[EXCERPTED RECORDS — start]
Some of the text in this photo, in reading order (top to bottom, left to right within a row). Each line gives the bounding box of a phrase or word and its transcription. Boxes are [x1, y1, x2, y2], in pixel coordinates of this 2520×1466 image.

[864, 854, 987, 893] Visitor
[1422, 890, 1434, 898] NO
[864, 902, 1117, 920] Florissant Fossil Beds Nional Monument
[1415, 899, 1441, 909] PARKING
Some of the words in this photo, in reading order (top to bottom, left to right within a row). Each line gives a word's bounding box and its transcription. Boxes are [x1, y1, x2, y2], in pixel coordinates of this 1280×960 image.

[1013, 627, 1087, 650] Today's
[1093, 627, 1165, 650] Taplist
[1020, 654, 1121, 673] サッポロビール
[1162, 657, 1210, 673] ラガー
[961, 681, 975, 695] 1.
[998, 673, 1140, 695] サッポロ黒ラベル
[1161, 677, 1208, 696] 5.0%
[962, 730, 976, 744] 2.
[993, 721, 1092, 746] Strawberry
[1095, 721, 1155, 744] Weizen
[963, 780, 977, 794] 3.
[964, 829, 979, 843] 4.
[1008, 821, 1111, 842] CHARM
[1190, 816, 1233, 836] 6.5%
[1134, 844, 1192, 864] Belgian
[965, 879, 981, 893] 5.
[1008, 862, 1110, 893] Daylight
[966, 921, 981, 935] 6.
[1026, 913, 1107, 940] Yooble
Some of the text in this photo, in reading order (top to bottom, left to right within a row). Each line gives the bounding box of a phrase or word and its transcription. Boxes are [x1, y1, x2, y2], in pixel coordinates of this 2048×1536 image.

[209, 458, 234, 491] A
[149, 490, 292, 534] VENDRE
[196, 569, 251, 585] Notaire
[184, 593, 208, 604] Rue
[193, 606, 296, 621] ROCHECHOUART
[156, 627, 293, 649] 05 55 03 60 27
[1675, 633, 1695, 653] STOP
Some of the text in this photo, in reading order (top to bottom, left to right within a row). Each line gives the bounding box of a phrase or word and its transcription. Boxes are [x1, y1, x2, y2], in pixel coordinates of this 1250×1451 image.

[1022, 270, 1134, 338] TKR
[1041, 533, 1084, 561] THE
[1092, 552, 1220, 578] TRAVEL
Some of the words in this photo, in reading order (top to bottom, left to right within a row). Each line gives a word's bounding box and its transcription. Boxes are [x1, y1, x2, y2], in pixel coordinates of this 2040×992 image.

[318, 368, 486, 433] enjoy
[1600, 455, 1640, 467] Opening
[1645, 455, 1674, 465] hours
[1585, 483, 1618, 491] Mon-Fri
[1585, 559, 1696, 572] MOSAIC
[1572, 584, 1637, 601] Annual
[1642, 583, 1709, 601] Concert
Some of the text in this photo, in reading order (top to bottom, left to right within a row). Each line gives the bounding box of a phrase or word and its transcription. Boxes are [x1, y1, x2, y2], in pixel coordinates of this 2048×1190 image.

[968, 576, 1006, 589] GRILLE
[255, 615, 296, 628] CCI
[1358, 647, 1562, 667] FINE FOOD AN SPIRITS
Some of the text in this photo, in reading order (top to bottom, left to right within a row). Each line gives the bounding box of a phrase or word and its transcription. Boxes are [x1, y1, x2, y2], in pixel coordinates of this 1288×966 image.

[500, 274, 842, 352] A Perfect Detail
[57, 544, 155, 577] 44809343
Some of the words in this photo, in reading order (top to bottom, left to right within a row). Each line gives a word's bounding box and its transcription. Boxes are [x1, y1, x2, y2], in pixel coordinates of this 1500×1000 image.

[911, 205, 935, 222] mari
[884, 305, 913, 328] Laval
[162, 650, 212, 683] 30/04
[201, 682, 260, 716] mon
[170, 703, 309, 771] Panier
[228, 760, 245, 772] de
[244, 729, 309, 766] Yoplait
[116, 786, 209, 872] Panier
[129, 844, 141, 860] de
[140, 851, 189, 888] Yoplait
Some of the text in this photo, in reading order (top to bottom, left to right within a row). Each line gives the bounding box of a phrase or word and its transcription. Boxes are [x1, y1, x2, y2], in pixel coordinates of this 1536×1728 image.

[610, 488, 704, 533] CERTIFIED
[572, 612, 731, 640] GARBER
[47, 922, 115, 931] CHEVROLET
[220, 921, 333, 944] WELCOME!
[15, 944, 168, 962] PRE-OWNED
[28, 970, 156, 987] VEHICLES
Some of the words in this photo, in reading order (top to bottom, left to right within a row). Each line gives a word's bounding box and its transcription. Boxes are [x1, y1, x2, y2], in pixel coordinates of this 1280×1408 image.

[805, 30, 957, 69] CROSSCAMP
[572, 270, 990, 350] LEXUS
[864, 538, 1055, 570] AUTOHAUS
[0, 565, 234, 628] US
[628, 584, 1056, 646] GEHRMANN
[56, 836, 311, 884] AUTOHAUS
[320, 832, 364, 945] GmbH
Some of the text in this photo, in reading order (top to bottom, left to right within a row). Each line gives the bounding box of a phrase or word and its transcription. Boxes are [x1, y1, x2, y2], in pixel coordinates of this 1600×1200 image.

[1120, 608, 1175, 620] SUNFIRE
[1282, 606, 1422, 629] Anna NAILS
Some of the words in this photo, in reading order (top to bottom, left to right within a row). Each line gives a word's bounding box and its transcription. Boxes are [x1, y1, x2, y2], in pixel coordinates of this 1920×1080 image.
[EXCERPTED RECORDS — finish]
All of the data above is to be given again, word for word.

Some of the text in this photo, in reading order (top to bottom, left to right within a row). Each line gives the bounding box of a phrase or word and its transcription. Boxes are [x1, y1, x2, y2], in pixel coordinates of this 2520×1466 image.

[864, 854, 987, 893] Visitor
[1422, 890, 1434, 898] NO
[864, 902, 1117, 920] Florissant Fossil Beds Nional Monument
[1415, 899, 1441, 909] PARKING
Some of the words in this photo, in reading order (top to bottom, left to right within a row). Each line gives a word's bounding box and its transcription. Boxes are [x1, y1, x2, y2], in pixel coordinates of this 1280×960 image.

[1013, 627, 1087, 650] Today's
[1093, 627, 1165, 650] Taplist
[1020, 654, 1121, 673] サッポロビール
[1162, 657, 1210, 673] ラガー
[961, 681, 975, 695] 1.
[998, 673, 1140, 695] サッポロ黒ラベル
[1161, 677, 1208, 696] 5.0%
[962, 730, 976, 744] 2.
[993, 721, 1092, 746] Strawberry
[1095, 721, 1155, 744] Weizen
[963, 780, 977, 794] 3.
[964, 829, 979, 843] 4.
[1008, 821, 1111, 842] CHARM
[1190, 816, 1233, 836] 6.5%
[1134, 844, 1192, 864] Belgian
[965, 879, 981, 893] 5.
[1008, 862, 1110, 893] Daylight
[966, 921, 981, 935] 6.
[1026, 913, 1107, 940] Yooble
Some of the text in this photo, in reading order (top to bottom, left to right within a row). Each line gives the bounding box of a phrase or word and its transcription. Boxes are [x1, y1, x2, y2], in pixel coordinates of this 2048×1536 image.

[209, 458, 234, 491] A
[149, 490, 292, 534] VENDRE
[196, 569, 251, 585] Notaire
[184, 593, 208, 604] Rue
[193, 606, 296, 621] ROCHECHOUART
[156, 627, 293, 649] 05 55 03 60 27
[1675, 633, 1695, 653] STOP
Some of the text in this photo, in reading order (top to bottom, left to right within a row). Each line gives the bounding box of a phrase or word and its transcription. Boxes are [x1, y1, x2, y2], in pixel coordinates of this 1250×1451 image.

[1022, 270, 1134, 338] TKR
[1041, 533, 1084, 561] THE
[1092, 552, 1220, 578] TRAVEL
Some of the words in this photo, in reading order (top to bottom, left to right within a row). Each line gives a word's bounding box and its transcription. Boxes are [x1, y1, x2, y2], in pixel coordinates of this 2040×992 image.

[318, 368, 486, 433] enjoy
[1600, 455, 1640, 467] Opening
[1645, 455, 1674, 465] hours
[1585, 483, 1618, 491] Mon-Fri
[1585, 559, 1696, 572] MOSAIC
[1572, 584, 1637, 601] Annual
[1642, 583, 1709, 601] Concert
Some of the text in this photo, in reading order (top to bottom, left to right within a row). Each line gives the bounding box of a phrase or word and its transcription. Boxes are [x1, y1, x2, y2], in pixel coordinates of this 2048×1190 image.

[968, 576, 1006, 589] GRILLE
[255, 615, 296, 628] CCI
[1358, 647, 1562, 667] FINE FOOD AN SPIRITS
Some of the text in this photo, in reading order (top to bottom, left to right within a row). Each line gives the bounding box of a phrase or word and its transcription. Boxes are [x1, y1, x2, y2], in pixel coordinates of this 1288×966 image.

[500, 274, 842, 352] A Perfect Detail
[57, 544, 155, 577] 44809343
Some of the words in this photo, in reading order (top to bottom, left to right within a row). Each line gives a word's bounding box and its transcription. Boxes are [x1, y1, x2, y2], in pixel coordinates of this 1500×1000 image.

[911, 205, 935, 222] mari
[884, 305, 913, 328] Laval
[162, 650, 212, 683] 30/04
[201, 682, 260, 716] mon
[170, 703, 309, 771] Panier
[228, 760, 245, 772] de
[244, 729, 309, 766] Yoplait
[116, 786, 209, 872] Panier
[129, 844, 141, 860] de
[140, 851, 189, 888] Yoplait
Some of the text in this photo, in reading order (top to bottom, left to right within a row). Each line gives the bounding box of a phrase or word and its transcription. Boxes are [x1, y1, x2, y2], in pixel coordinates of this 1536×1728 image.

[610, 488, 704, 533] CERTIFIED
[572, 612, 731, 640] GARBER
[47, 922, 115, 931] CHEVROLET
[220, 921, 333, 944] WELCOME!
[15, 944, 168, 962] PRE-OWNED
[28, 970, 156, 987] VEHICLES
Some of the words in this photo, in reading order (top to bottom, left to right within a row). Each line gives a word's bounding box and its transcription. Boxes are [x1, y1, x2, y2], in pixel coordinates of this 1280×1408 image.

[805, 30, 957, 69] CROSSCAMP
[572, 270, 990, 350] LEXUS
[864, 538, 1055, 570] AUTOHAUS
[0, 565, 234, 628] US
[628, 584, 1056, 646] GEHRMANN
[56, 836, 311, 884] AUTOHAUS
[320, 832, 364, 945] GmbH
Some of the text in this photo, in reading order (top to bottom, left to right within a row). Each line gives the bounding box of a phrase or word and its transcription. Boxes are [x1, y1, x2, y2], in pixel coordinates of this 1600×1200 image.

[1120, 608, 1175, 620] SUNFIRE
[1282, 606, 1422, 629] Anna NAILS
Some of the words in this photo, in reading order (top to bottom, left to right within a row). Each line gives a word's bounding box and its transcription. Boxes are [x1, y1, x2, y2], in pixel coordinates of this 1920×1080 image.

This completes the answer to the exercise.